▶ **PROBLEM DETAILS**: From the line containing "Some of the words" through the end of the material below, output each line exactly as written, with pictures excluded.

▶ **RECORD SET**:
::::::::

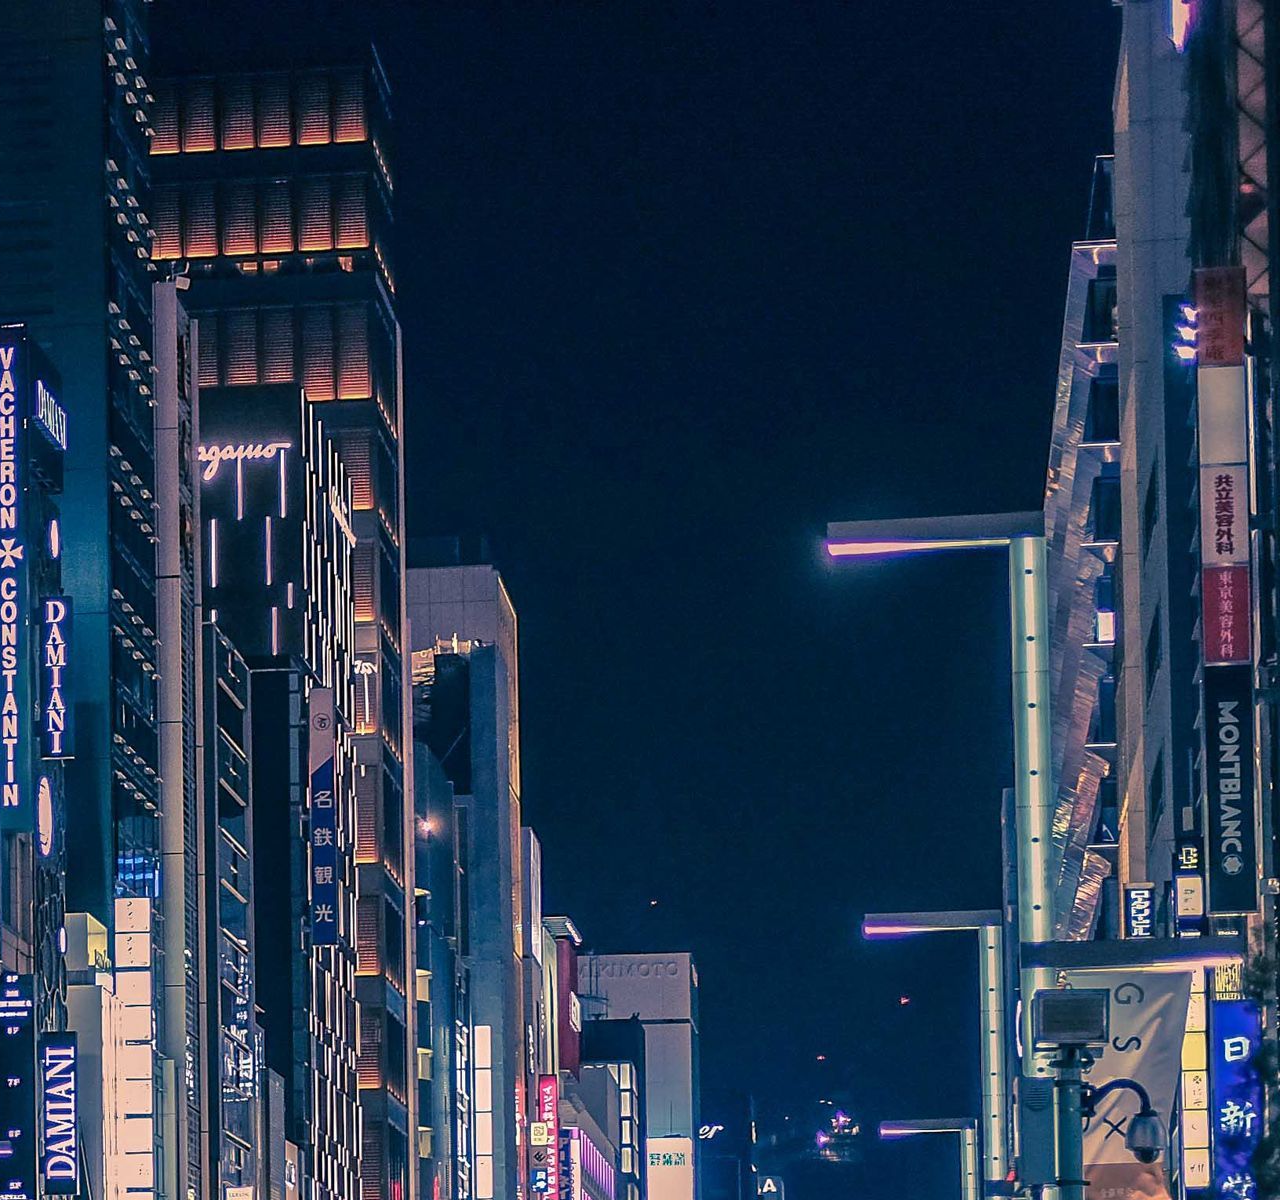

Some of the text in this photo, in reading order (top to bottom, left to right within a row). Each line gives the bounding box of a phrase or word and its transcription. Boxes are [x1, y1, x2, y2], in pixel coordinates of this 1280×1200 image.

[0, 348, 19, 807] VACHERON CONSTANTIN
[1214, 474, 1234, 556] 共立美容外科
[46, 601, 67, 754] DAMIANI
[1217, 570, 1235, 658] 東京美容外科
[1217, 701, 1242, 853] MONTBLANC
[314, 790, 334, 922] 名鉄観光
[46, 1046, 76, 1180] DAMIANI
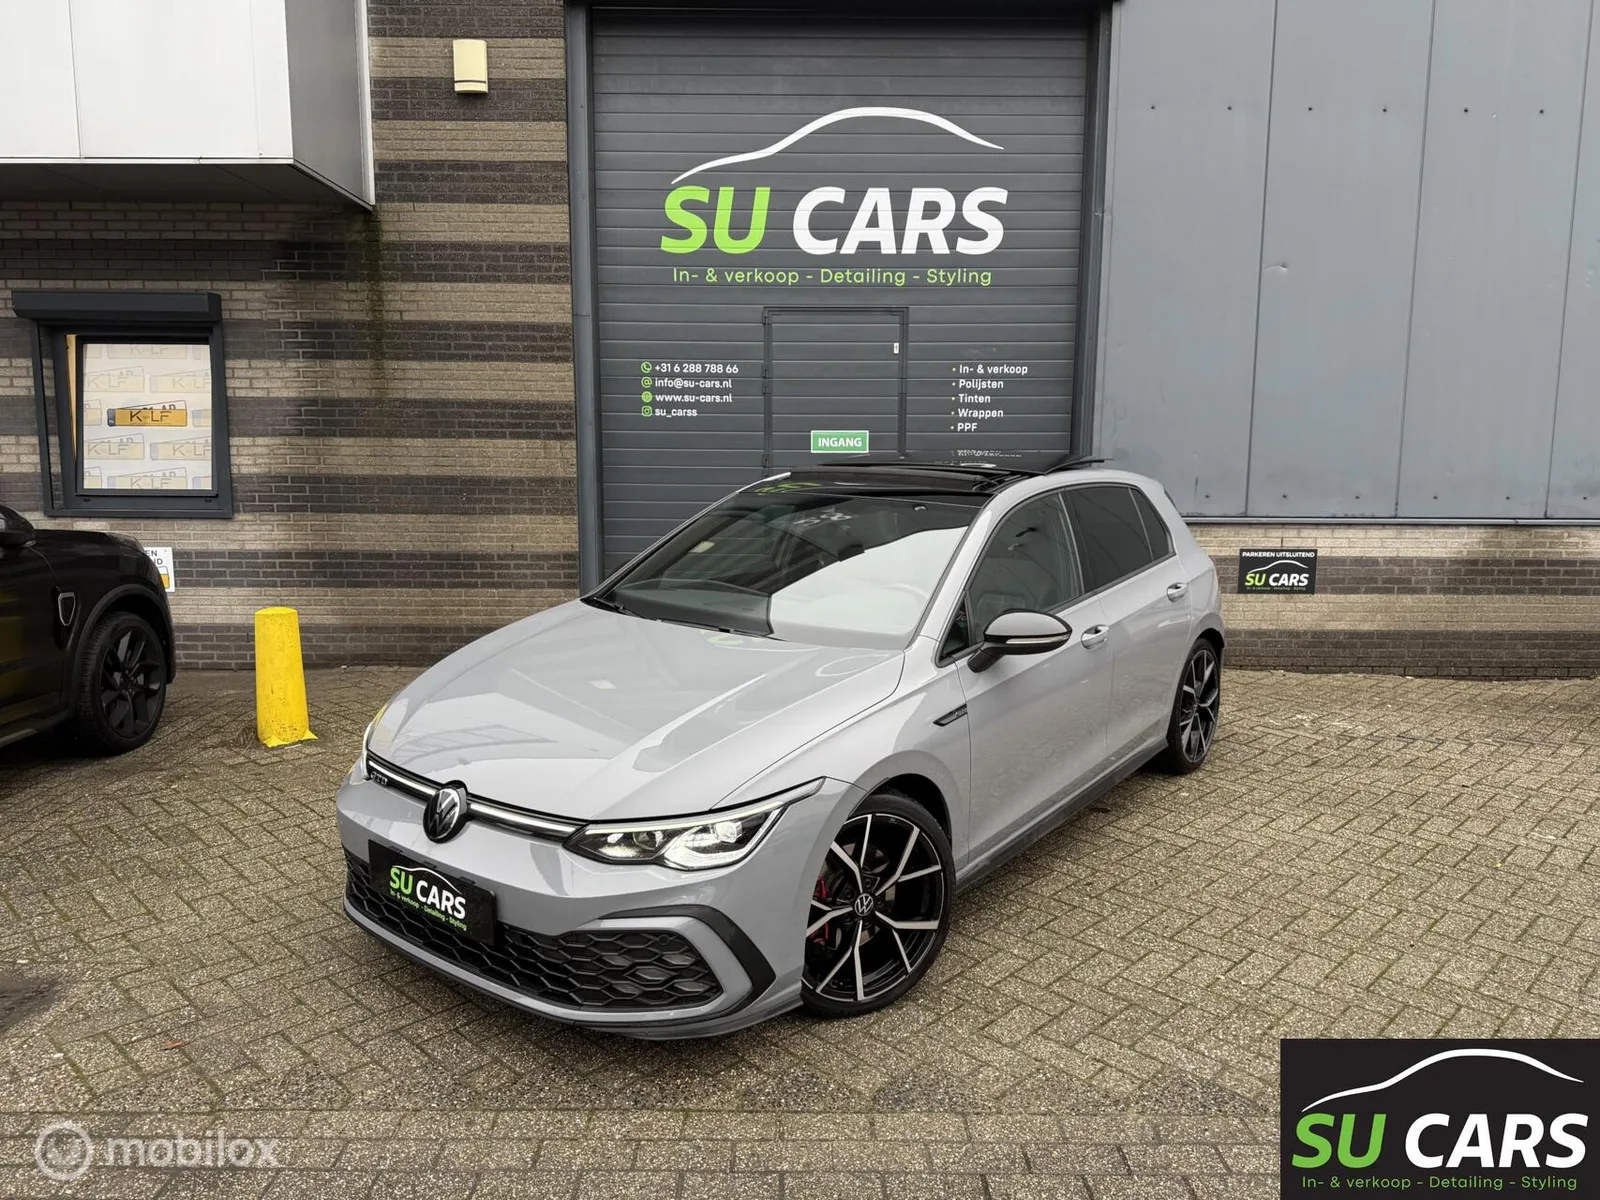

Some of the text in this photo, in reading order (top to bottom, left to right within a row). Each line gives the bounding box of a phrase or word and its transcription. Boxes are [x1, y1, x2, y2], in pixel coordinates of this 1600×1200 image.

[661, 185, 1008, 255] SU CARS
[673, 268, 699, 282] In-
[706, 268, 718, 282] &
[725, 268, 799, 286] verkoop
[820, 268, 905, 286] Detailing
[927, 268, 992, 286] Styling
[655, 363, 739, 373] +31 6 288 788 66
[959, 364, 1028, 375] In- & verkoop
[655, 378, 732, 389] info@su-cars.nl
[959, 379, 1004, 390] Polijsten
[655, 393, 732, 403] www.su-cars.nl
[958, 393, 991, 403] Tinten
[655, 408, 698, 417] su_carss
[957, 408, 1004, 419] Wrappen
[957, 423, 978, 431] PPF
[818, 437, 862, 447] INGANG
[1244, 573, 1309, 586] SU CARS
[389, 867, 466, 919] SU CARS
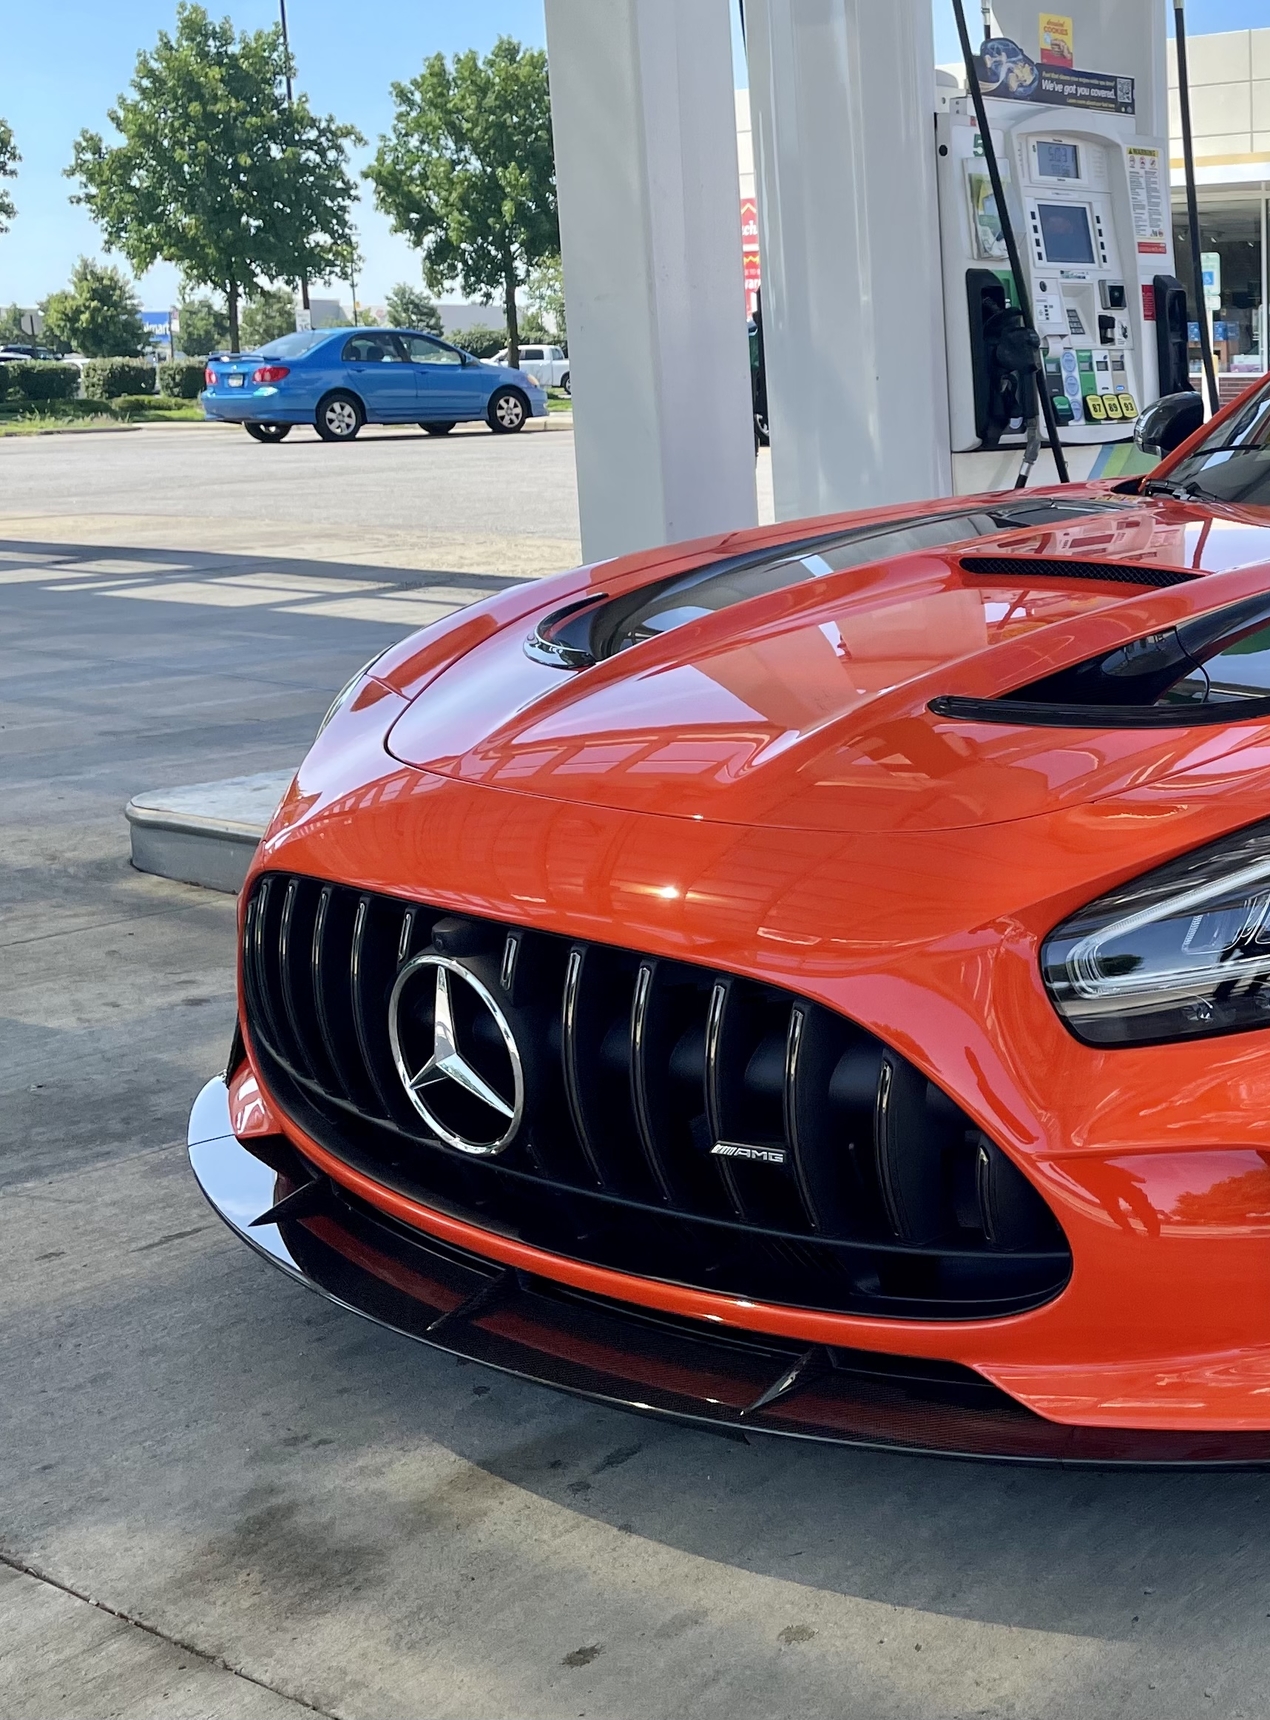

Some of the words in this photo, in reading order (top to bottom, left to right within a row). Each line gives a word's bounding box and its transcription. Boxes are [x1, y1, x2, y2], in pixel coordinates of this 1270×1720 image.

[1041, 79, 1064, 92] We've
[1064, 83, 1077, 95] got
[1077, 86, 1090, 96] you
[1090, 87, 1116, 99] covered.
[973, 133, 986, 157] 5
[1092, 404, 1102, 413] 87
[1108, 402, 1119, 413] 89
[1123, 402, 1134, 411] 93
[733, 1147, 784, 1163] AMG
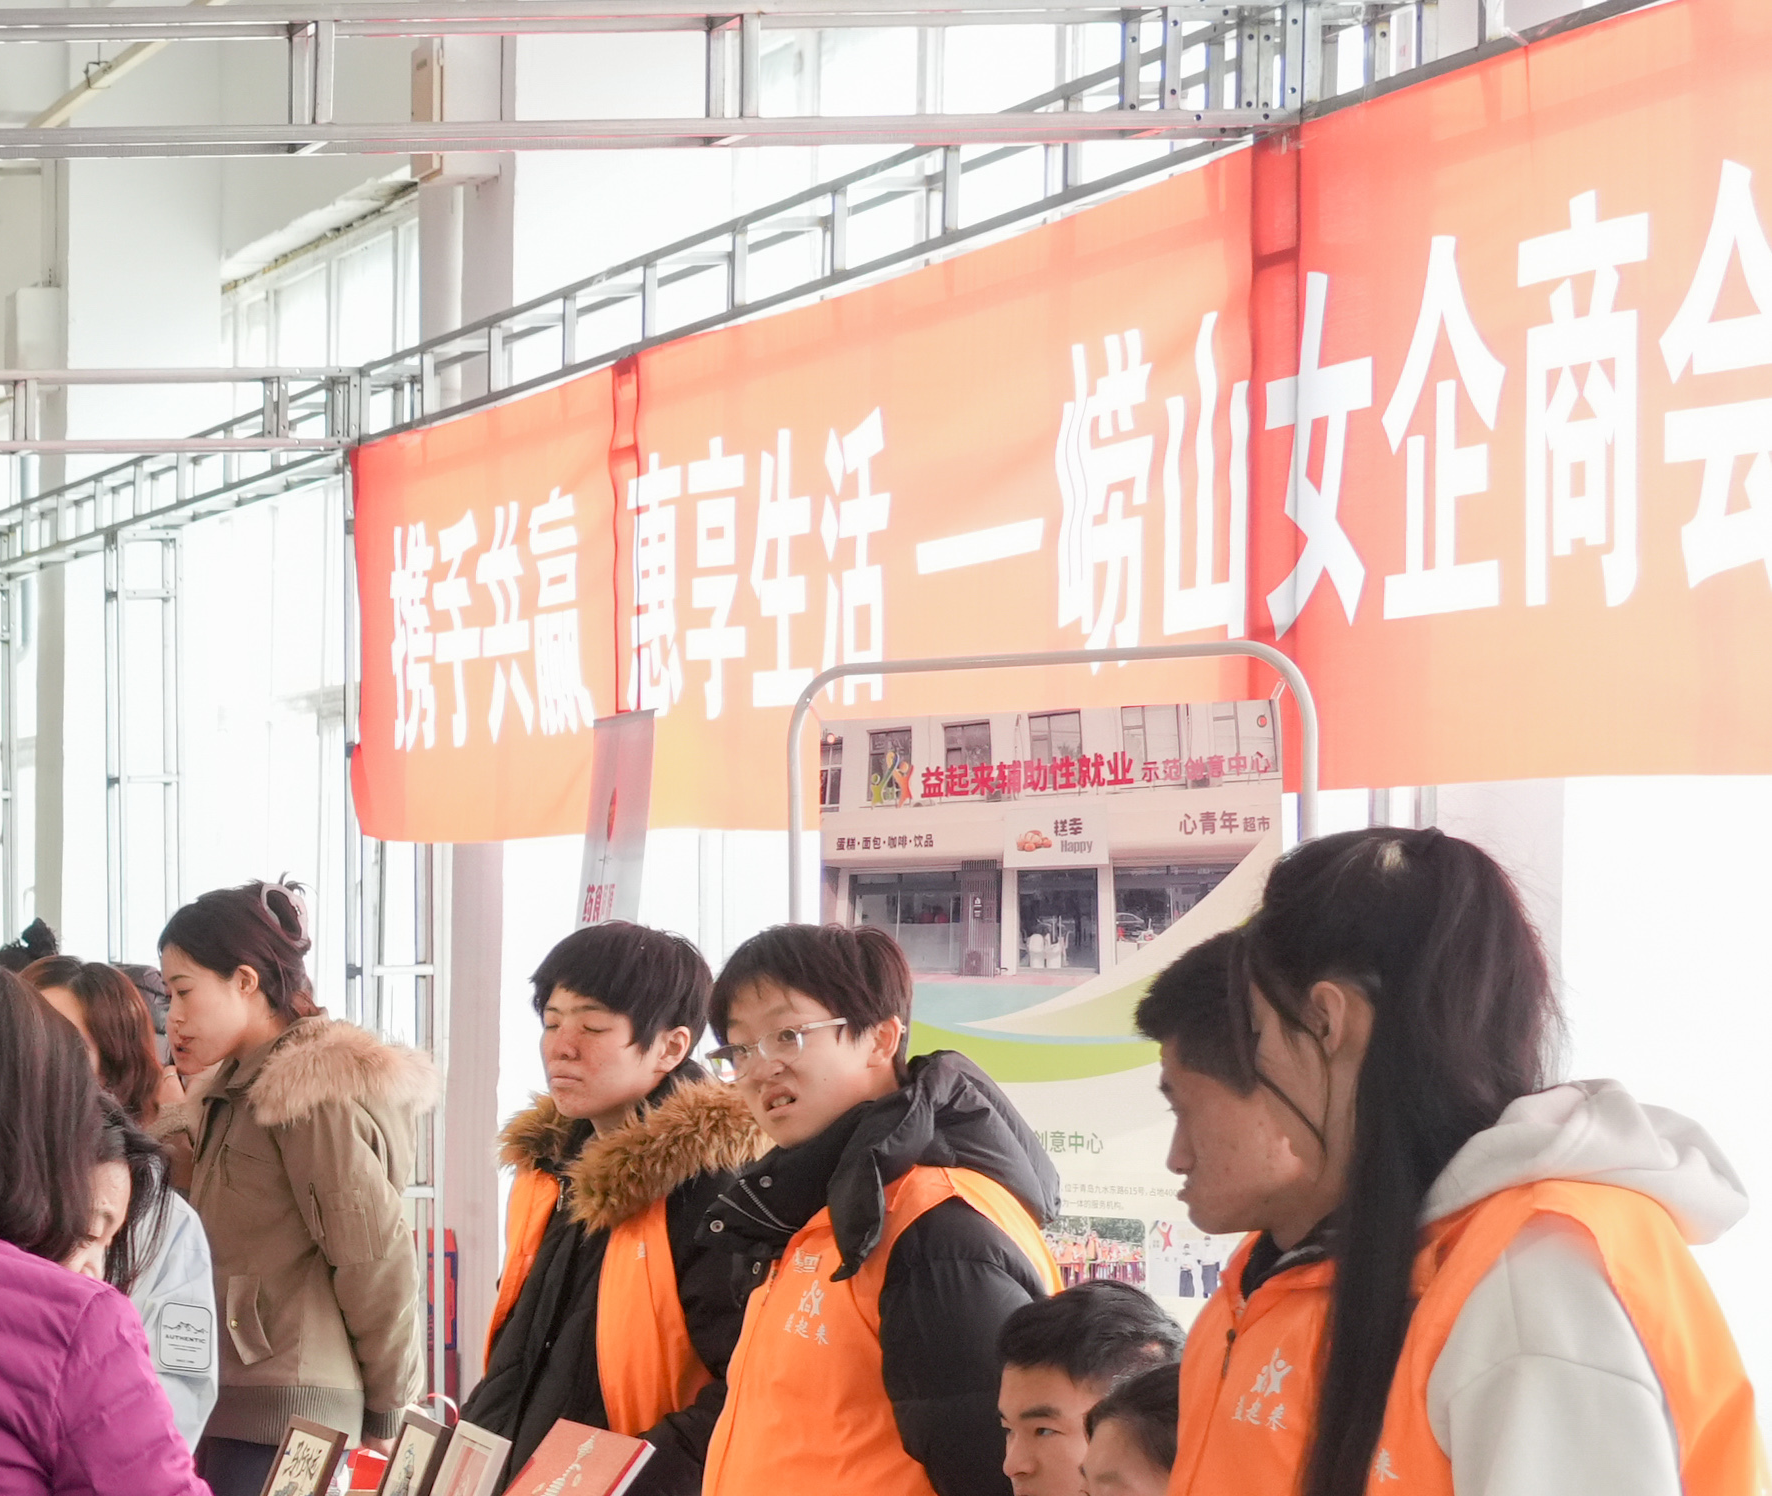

::::::::

▶ **REPLY**:
Some of the words in this photo, in reading order (top to bottom, left to right within a row). Each line gives a word's bounding box and its transcription. Boxes are [x1, y1, x2, y2], in pixel coordinates of this 1270×1720 image.

[1041, 79, 1064, 92] We've
[1064, 83, 1077, 95] got
[1077, 86, 1090, 96] you
[1090, 87, 1116, 99] covered.
[973, 133, 986, 157] 5
[1092, 404, 1102, 413] 87
[1108, 402, 1119, 413] 89
[1123, 402, 1134, 411] 93
[733, 1147, 784, 1163] AMG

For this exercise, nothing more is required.